針、68本。 ページ18
「打ち辛ぇって言ってんだろ。いつも通りでいいんだっつの」
「ウィッス…」
「…バカ及川」
その翌日から、対伊達工戦を意識した練習を強化し始めた。ブロック板で視界を塞ぐ。
我慢できなかった及川がネットからトスを離して岩泉に怒られた。
そりゃ怒るって…。
思わずため息と一緒にバカって言っちゃったよ…。
「及川さぁ、岩泉が伊達工の3枚壁に勝てないと思ってるの?」
「そういうわけじゃないよ。だけどブロックに捕まらないならそれが一番じゃ、」
「いつも自分で言ってるじゃん。スパイカーが望んだトスを上げるんでしょ?」
言い返せなくて口を噤んだ及川。またトスを上げ始めた。選手によって要望が違う。ネットから遠めで、近めで、高めで、低めで。それぞれの選手にカスタマイズしたトス。

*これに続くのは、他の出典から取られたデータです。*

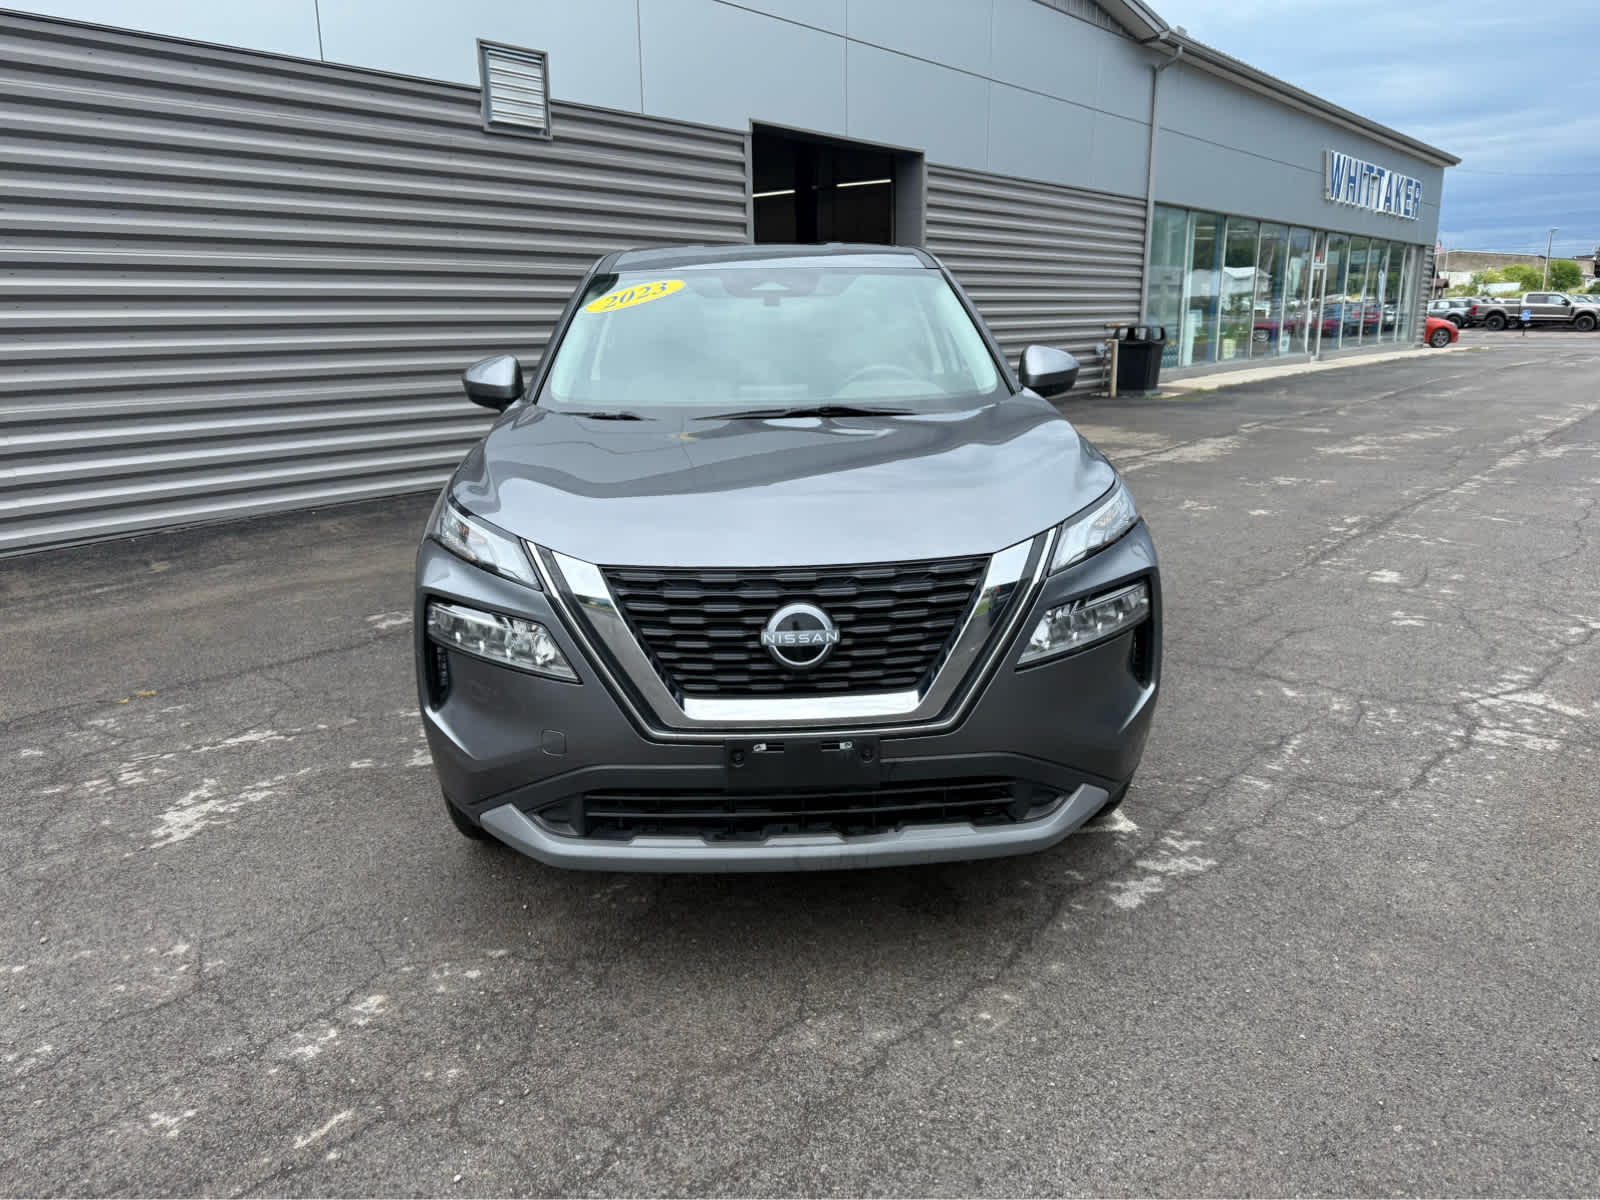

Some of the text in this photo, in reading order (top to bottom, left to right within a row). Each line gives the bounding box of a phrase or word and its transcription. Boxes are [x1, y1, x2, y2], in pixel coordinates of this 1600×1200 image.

[1328, 150, 1422, 220] WHITTAKER
[603, 282, 668, 309] 2023
[763, 631, 838, 644] NISSAN

及川に相当な圧がかかるのは分かってる。だけど呑まれちゃいけない。
「金田一、及川相手でも打ちづらいならそう言いな」
「は、はい…」
モジモジした金田一にそう声をかけた。たぶん実際に意見したところで及川は変えないだろうけど。
コミュニケーションを取るのは大事だし、金田一も理由聞いたらすぐ納得するだろう。
「コラ国見サボんじゃねぇ!」
「…はい」
国見は国見でコーチに怒鳴られてる。あー、もうちょい上手くサボればいいのに。
1年生は伸びしろがあって育て甲斐しかない。
金田一も国見も、そして途中から部活に戻った京谷にも、本当の強みはもっとある。
…だけど、伊達工戦では京谷は出さない方針らしい。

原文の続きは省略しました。